Action item:
Below are some records; each one is to be set down again exactly.

** Opening Records shown block **

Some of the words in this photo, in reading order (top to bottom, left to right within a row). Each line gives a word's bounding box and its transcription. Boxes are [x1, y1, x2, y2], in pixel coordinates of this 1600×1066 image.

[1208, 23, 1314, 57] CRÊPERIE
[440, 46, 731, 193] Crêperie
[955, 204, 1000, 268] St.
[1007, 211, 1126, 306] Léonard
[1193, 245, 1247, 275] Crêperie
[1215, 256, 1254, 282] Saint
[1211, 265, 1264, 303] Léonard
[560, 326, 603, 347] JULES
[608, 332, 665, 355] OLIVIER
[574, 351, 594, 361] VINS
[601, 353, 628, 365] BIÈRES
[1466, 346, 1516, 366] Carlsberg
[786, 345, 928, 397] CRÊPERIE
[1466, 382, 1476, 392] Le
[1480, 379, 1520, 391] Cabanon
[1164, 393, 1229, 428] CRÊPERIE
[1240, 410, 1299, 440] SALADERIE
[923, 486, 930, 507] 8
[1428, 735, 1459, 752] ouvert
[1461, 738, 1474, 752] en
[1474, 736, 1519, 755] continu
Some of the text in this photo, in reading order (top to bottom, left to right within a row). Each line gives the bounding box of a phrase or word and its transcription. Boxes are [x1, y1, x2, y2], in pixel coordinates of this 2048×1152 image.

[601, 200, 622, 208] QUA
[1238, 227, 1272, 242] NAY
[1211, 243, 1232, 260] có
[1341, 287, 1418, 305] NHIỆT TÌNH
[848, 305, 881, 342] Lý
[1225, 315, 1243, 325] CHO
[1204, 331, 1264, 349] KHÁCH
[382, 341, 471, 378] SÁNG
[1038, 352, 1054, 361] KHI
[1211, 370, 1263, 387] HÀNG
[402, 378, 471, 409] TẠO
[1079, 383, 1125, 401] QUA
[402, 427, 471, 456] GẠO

** Closing Records shown block **

Answer:
Some of the words in this photo, in reading order (top to bottom, left to right within a row). Each line gives a word's bounding box and its transcription. Boxes are [x1, y1, x2, y2], in pixel coordinates of this 1600×1066 image.

[1208, 23, 1314, 57] CRÊPERIE
[440, 46, 731, 193] Crêperie
[955, 204, 1000, 268] St.
[1007, 211, 1126, 306] Léonard
[1193, 245, 1247, 275] Crêperie
[1215, 256, 1254, 282] Saint
[1211, 265, 1264, 303] Léonard
[560, 326, 603, 347] JULES
[608, 332, 665, 355] OLIVIER
[574, 351, 594, 361] VINS
[601, 353, 628, 365] BIÈRES
[1466, 346, 1516, 366] Carlsberg
[786, 345, 928, 397] CRÊPERIE
[1466, 382, 1476, 392] Le
[1480, 379, 1520, 391] Cabanon
[1164, 393, 1229, 428] CRÊPERIE
[1240, 410, 1299, 440] SALADERIE
[923, 486, 930, 507] 8
[1428, 735, 1459, 752] ouvert
[1461, 738, 1474, 752] en
[1474, 736, 1519, 755] continu
Some of the text in this photo, in reading order (top to bottom, left to right within a row). Each line gives the bounding box of a phrase or word and its transcription. Boxes are [x1, y1, x2, y2], in pixel coordinates of this 2048×1152 image.

[601, 200, 622, 208] QUA
[1238, 227, 1272, 242] NAY
[1211, 243, 1232, 260] có
[1341, 287, 1418, 305] NHIỆT TÌNH
[848, 305, 881, 342] Lý
[1225, 315, 1243, 325] CHO
[1204, 331, 1264, 349] KHÁCH
[382, 341, 471, 378] SÁNG
[1038, 352, 1054, 361] KHI
[1211, 370, 1263, 387] HÀNG
[402, 378, 471, 409] TẠO
[1079, 383, 1125, 401] QUA
[402, 427, 471, 456] GẠO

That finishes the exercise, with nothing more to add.